We played tourist today on the spur of the moment and went to the Reunification Palace. After a lovely breakfast at Snap Cafe, we went home, hosed the sand off the kids, and loaded into a taxi for District 1.
We pulled up to the palace at 11:03. Bummer. The palace is closed to visitors from 11am to 1pm. But we had a mission, and we didn't want to waste a day. So, we wandered about D1 around the cathedral for a couple hours, stopping to get coffee (for us) and overly-sugared smoothies (for the kids). We also popped in to Diamond Plaza for a quick look around at which point Oliver asked to go in the baby carrier and promptly fell asleep.
While walking around HCMC, we saw the standard motorcycle traffic, insane telecommunication wires, stunning mix of old and new, and people simply enjoying their Sunday.
At precisely 1pm, we queued up at the ticket counter to get onto the palace grounds. The place was busy, with a constant flow of tourists, but by far not the most crowded site we have seen thus far.

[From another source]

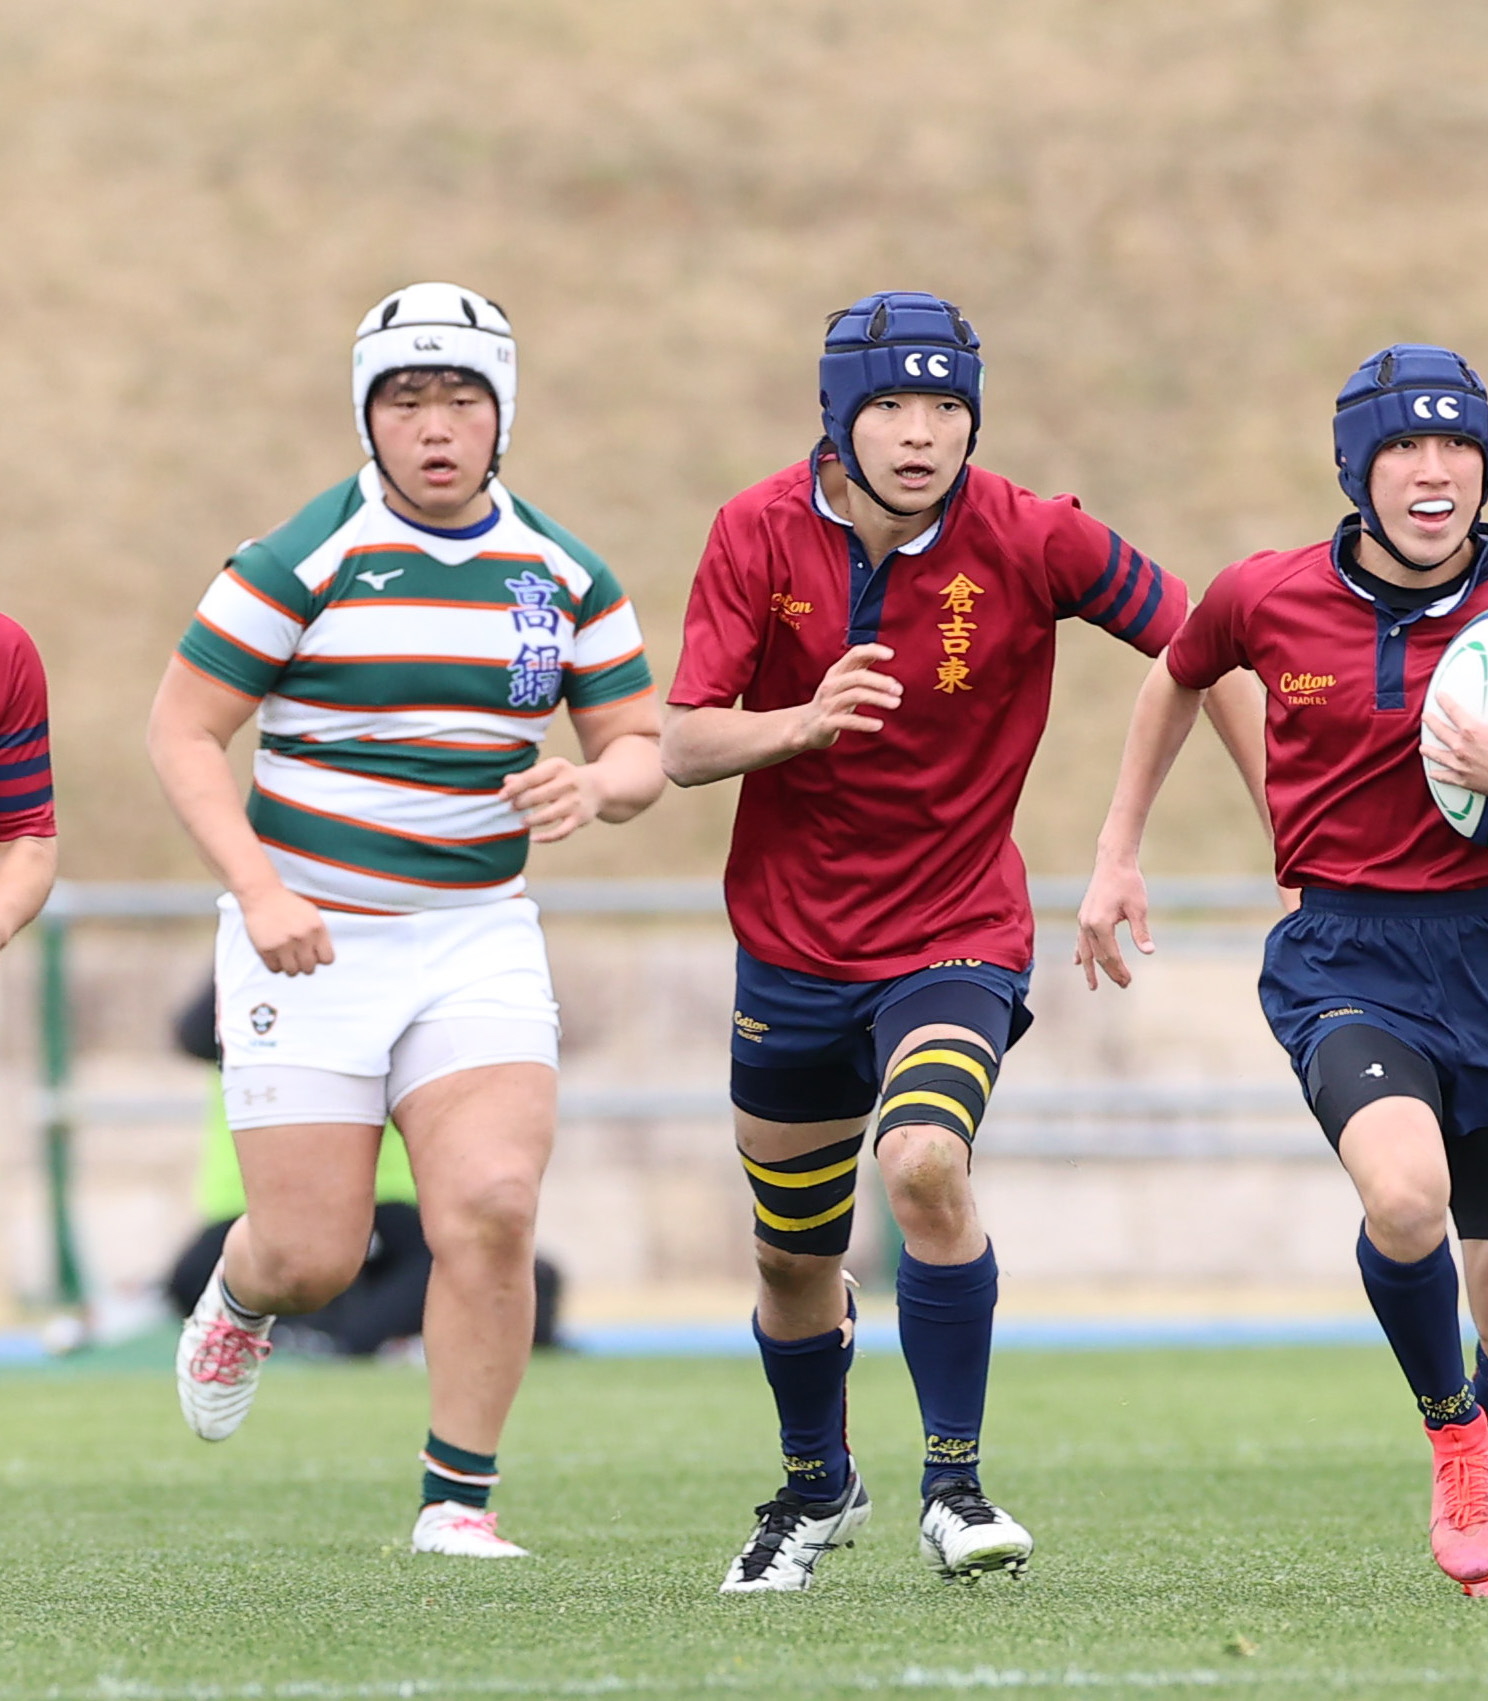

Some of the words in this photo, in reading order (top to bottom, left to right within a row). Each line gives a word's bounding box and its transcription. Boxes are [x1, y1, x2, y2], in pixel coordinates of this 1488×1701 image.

[933, 572, 985, 694] 倉吉東
[1280, 671, 1337, 694] Cotton
[1287, 695, 1328, 706] TRADERS
[734, 1010, 770, 1031] Cotton

We took some time and looked all around the four floors and dozens of large meeting room open for the public to view. As someone who grew up completely post-Vietnam War era, I found the museum interesting, but not riveting. However, I witnessed several older male tourists milling about the building who were clearly lost in thoughts from long ago.
The building was very open and lacked that stuffy, museum feel that I had expected. The tapestries, furniture, vases, artwork, and dishes on display were breathtaking--and clearly locked in the 1970's forever. It was almost like walking through the set of an old James Bond movie.
It was interesting to see the helicopter landing pad on the roof of the palace, the communication tower, and the press room that I recall seeing in history books. By far the most exciting thing to see was outside the palace. I clearly remember learning about the gate being toppled by tanks, so it was an odd moment to stand in that place. A place where history unfolded and the world was changed.
And, of course, the boys couldn't make it through the entire tour without being at least a little bit silly. Here they are making "funny" faces. In the other picture, Oliver is kissing a puppy--much to the amusement of the Vietnamese tour guides and every single little old lady in the vicinity.